Thru strong support from and intense collaboration with other research groups within the CCMS, NTU, as well as the Institute of Atomic and Molecular Sciences, Academia Sinica, we have already established a solid foundation in research and development of novel nano-systems for next-generation optoelectronic and energy applications. Some major research achievements of the past few years are summarized below.
(1) carbon nanotubes for field emission and electrochemical energy applications
For carbon nanotubes (CNTs), significant efforts have been devoted to their functionalization and device fabrication using arrays of CNTs [Adv. Func. Mater. 12, 687 (2002)]. Si-based wafer techniques were employed for fabricating CNTs-based integrated devices such as gated and TFT-controlled field emission devices. Both vertically and horizontally configured field emitters with good mission I-V characters have been successfully demonstrated. Electron injection from the back electrodes into emitters was found to play an important role in their field emission performance [Phys. Rev. B 68, 125322 (2003)].
Recently, an efficient and simple route to attach Pt and Ru nanoparticles (NPs), ca. 2-3 nm in diameter, on the sidewalls of CNT arrays has been developed [Chem. of Mater. 17, 3749 (2005)]. It was found that nitrogen incorporation, while causing some deformation, facilitates nucleation and growth of catalyst on CNT with site and size controllability [J. Am. Chem. Soc. 128, 8368 (2006)]. Utilizing these nitrogen-containing carbon nanotubes (CNx NTs) grown directly on carbon cloth (CC) as supports for Pt–Ru NPs, a composite electrode is formed and has shown a much higher electrocatalytic activity than its counterpart using bare CC. This can be attributed to substantial increase in surface area, fast electron-transfer kinetics, and low interfacial barriers of the CNx NTs/CC-Pt-Ru NPs composite electrode, providing an efficient e-transport route for direct methanol fuel cell (DMFC). Notably, our CNx NTs-Pt-Ru nanocomposite is highly efficient in loading precious metal, as similar power performance is obtained with only one tenth of loading, in comparison to that of the conventional method, thus, offering a significant cost-reduction in fuel cells [Electrochimica Acta 52, 1612 (2006); J. Power Sources 171, 55 (2007)]. Similar idea was employed for RuO2 NPs dispersed CNx NTs, showing ultra-fast charging/discharging capacitive property [Nanotechnology 18, 485716 (2007); J. Electrochem. Soc. 155, K15 (2008)].

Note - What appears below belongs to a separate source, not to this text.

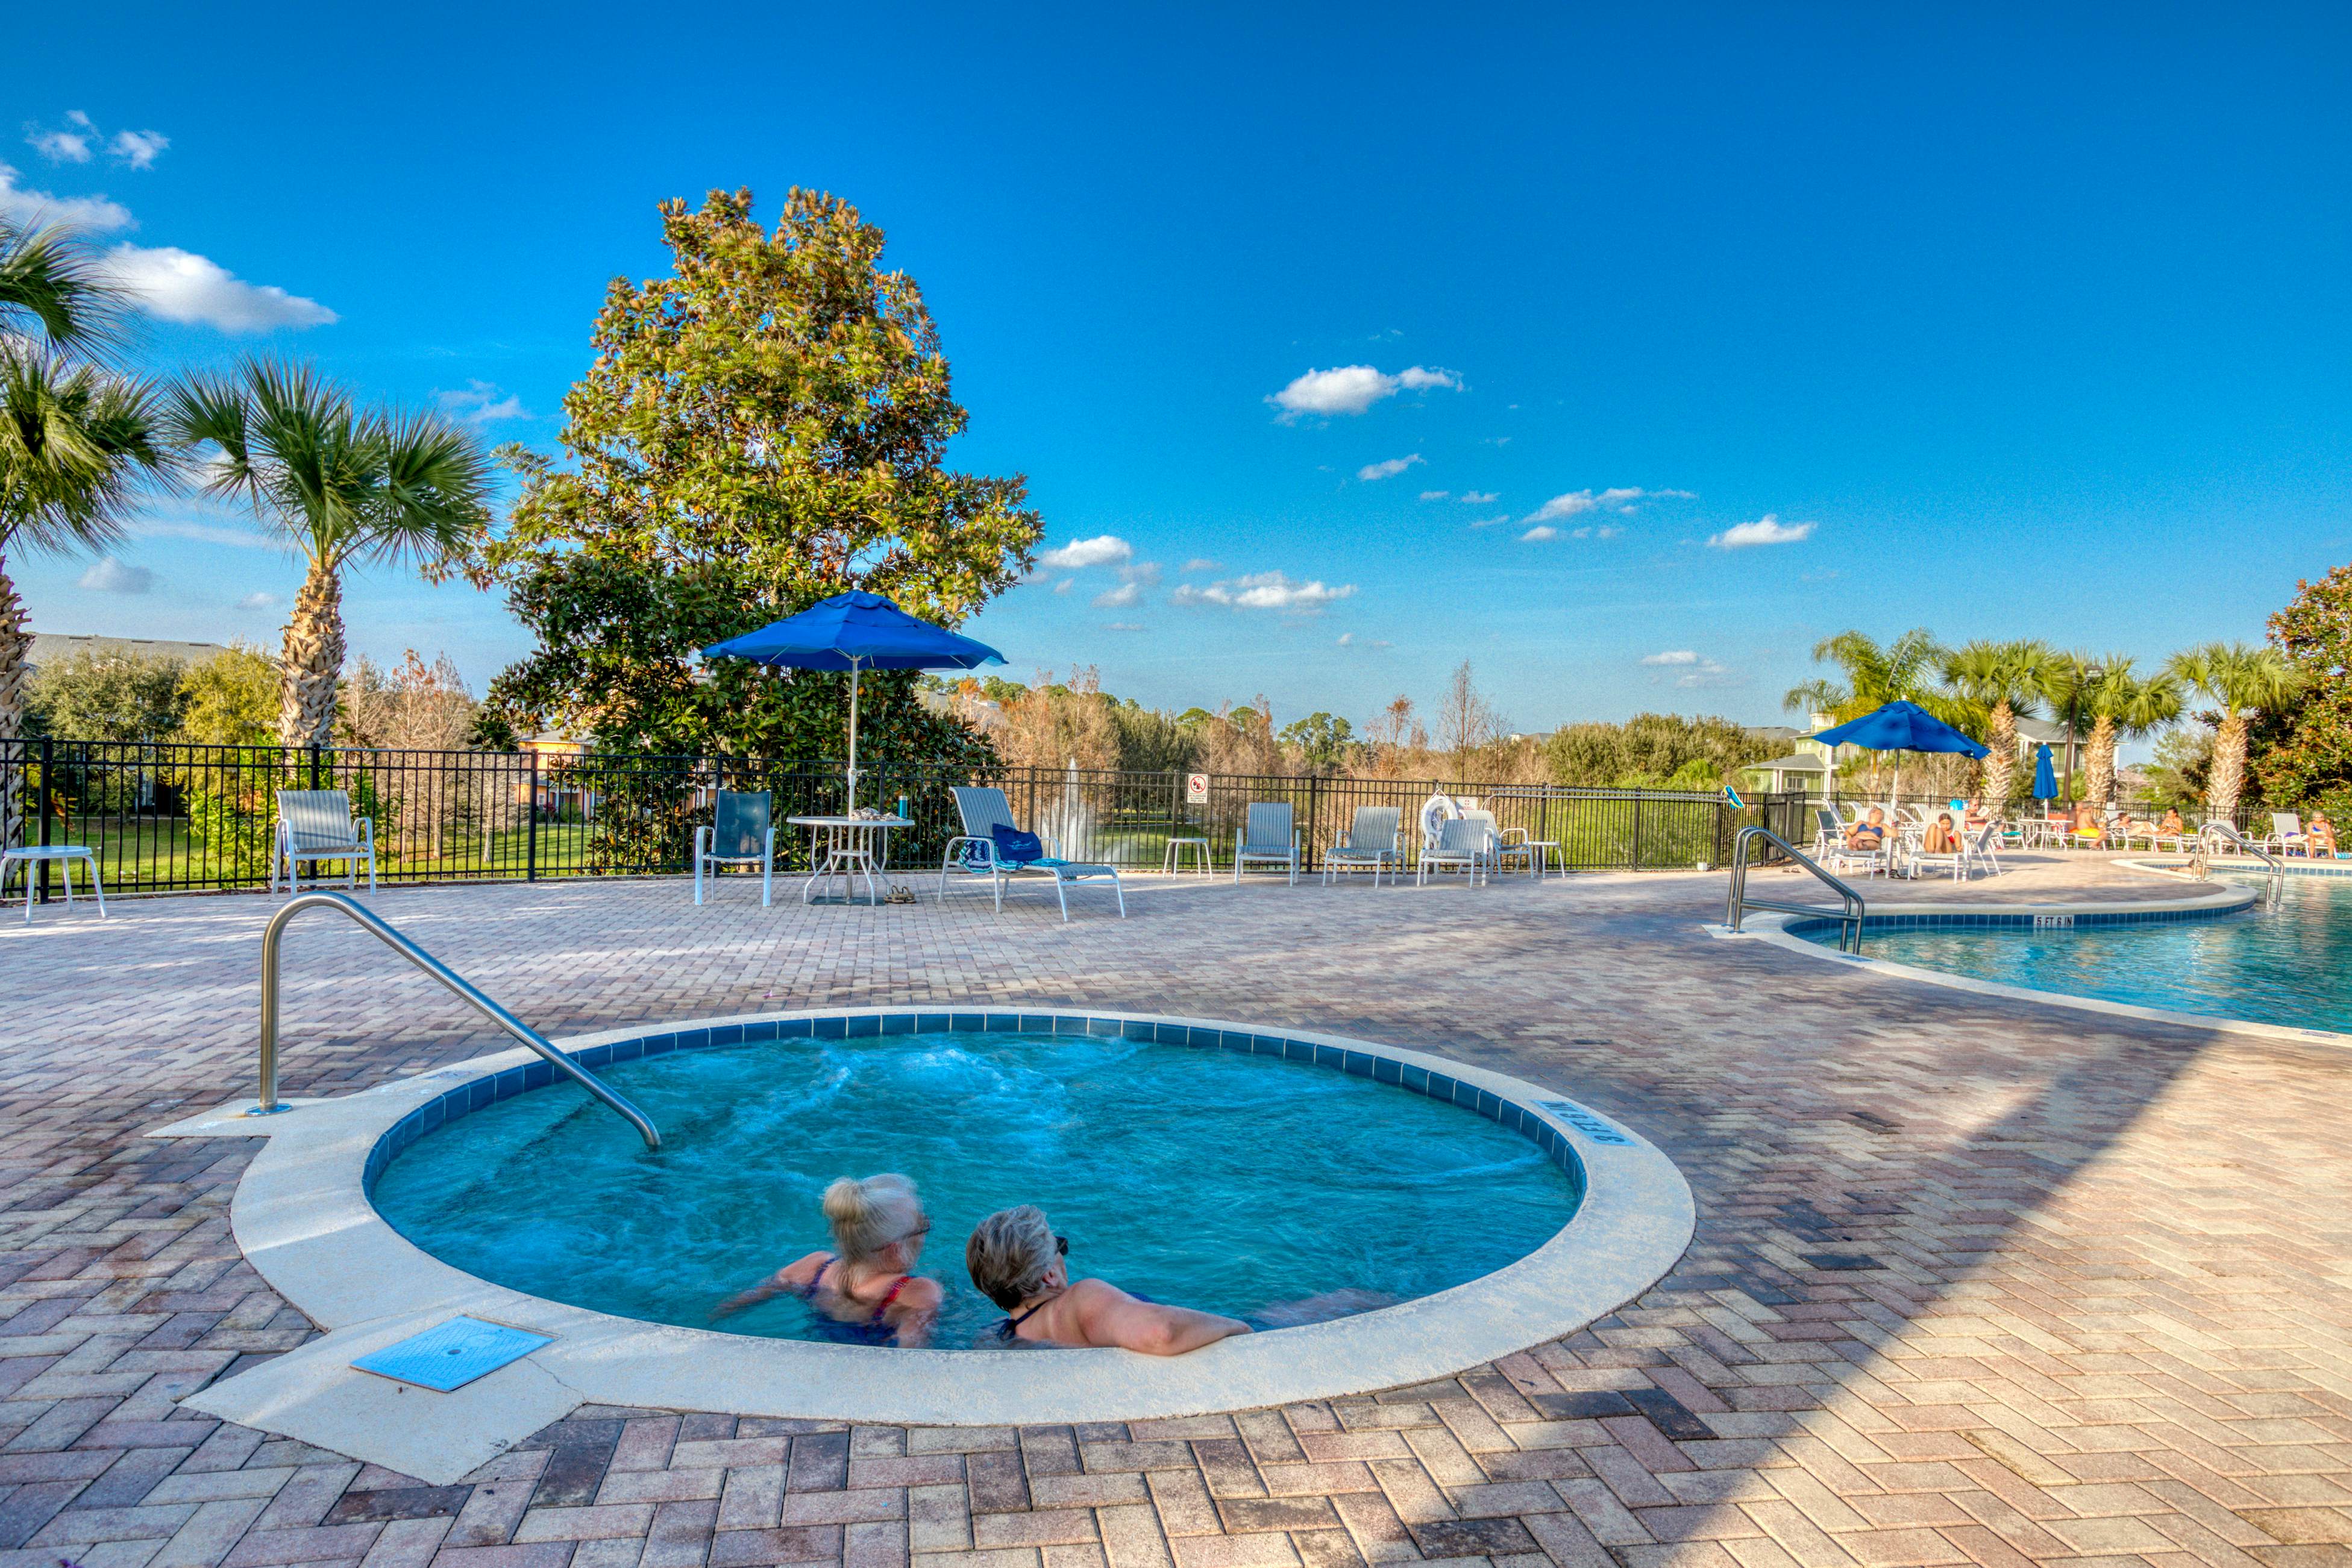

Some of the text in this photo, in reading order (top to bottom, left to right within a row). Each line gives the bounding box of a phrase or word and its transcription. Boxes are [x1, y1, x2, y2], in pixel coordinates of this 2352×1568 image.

[2037, 917, 2072, 926] 5 FT 6 IN
[1540, 1102, 1578, 1112] IN
[1571, 1120, 1613, 1133] FT

(2) Novel One-dimensional III-Nitride and Oxide Nanostructures
Our works on nitride/oxide nanorods and nanowires have been quite solid, as evidenced by the outstanding citations, including two listed as top 1% most cited papers in the field of Chemistry and Physics [J. Am. Chem. Soc. 123, 2791 (2001) and Appl. Phys. Lett. 81, 1312 (2002)] in recent years. These low dimensional nanostructures often exhibit novel electronic and optoelectronic properties unmatched by their counterparts in the forms of thin film or bulk. For instance, InN nanobelts, while exhibiting strong surface band bending and photo-elastic effects, showed photoluminescence in IR with a peak width of 14 meV, the sharpest reported to date for InN [Adv. Func. Mater. 16, 537 (2006); Adv. Mater. 19, 4524 (2007)]. The rectangular cross-sectional nanobelt has the potential to serve as an effective Fabry-Perot microcavity for lasing process [Appl. Phys. Lett. 90, 123109 (2007)]. Unlike the “epitaxial” film, wherein lattice mismatch between the film and the substrate often gives rise to very high density of extended defects, these free-standing nanostructures are nearly defect-free, as exemplified by weak temperature quenching in the photoluminescence property of InN nanotips [Appl. Phys. Lett. 87, 203103 (2005)], implying high quantum efficiency. Interestingly, contrary to the quantum confinement effect commonly believed to occur at a particle size or wire diameter below Bohr radius, we have observed anomalous blue shift in the III-N and ZnO nanowires, with diameters far beyond the quantum confinement regime [Appl. Phys. Lett. 88, 241905 (2006)]. More recently, we have also observed a very strong size effect from single-wire conductivity (both dark and photo) measurements. With decreasing wire diameter, ultrahigh responsivity (R >106 A/W) and gain (G >107) in photoconduction are observed in GaN nanowires, which are several orders of magnitude higher than their thin film counterparts [Appl. Phys. Lett. 91, 223106 (2007) and Small (in press, 2008)].
(3) Nanostructure-enhanced photoresponse: gold nanoparticle-embedded dielectric nanowires and core-shell semiconductor nanowires
We have demonstrated the synthesis of self-organized growth of Au nanopeapodded silica nanowires using microreactor approach by MPECVD. The observed axially anisotropic shape deformation of Au nanoparticles was correlated with the formation of strain in the silica nanowires as confirmed by transmission electron microscopy & cathodoluminescence analyses. Pronounced surface plasmon absorption (532 nm) was observed from the hybrid nanowires. Wavelength-dependent and reversible photoresponse behavior based on the hybrid nanowire ensemble devices were demonstrated, which may be ascribed to the surface plasmon resonance (SPR). We believe that this approach could be extended to prepare other metal/dielectric peapod-type nanowires with various properties for different applications. Meanwhile, core-shell nanowire, be it formed by inherent surface band bending or intentional post-growth treatment, possesses unique optical and transport properties, such as ultrahigh gain in photocurrent, unmatched by their thin film counterparts, could also be used as functional building blocks for constructing solar cells. [Adv. Mater. 14, 1847 (2002); Nano Lett. 3, 537 (2003); Nature Mater. 5, 102 (2006)]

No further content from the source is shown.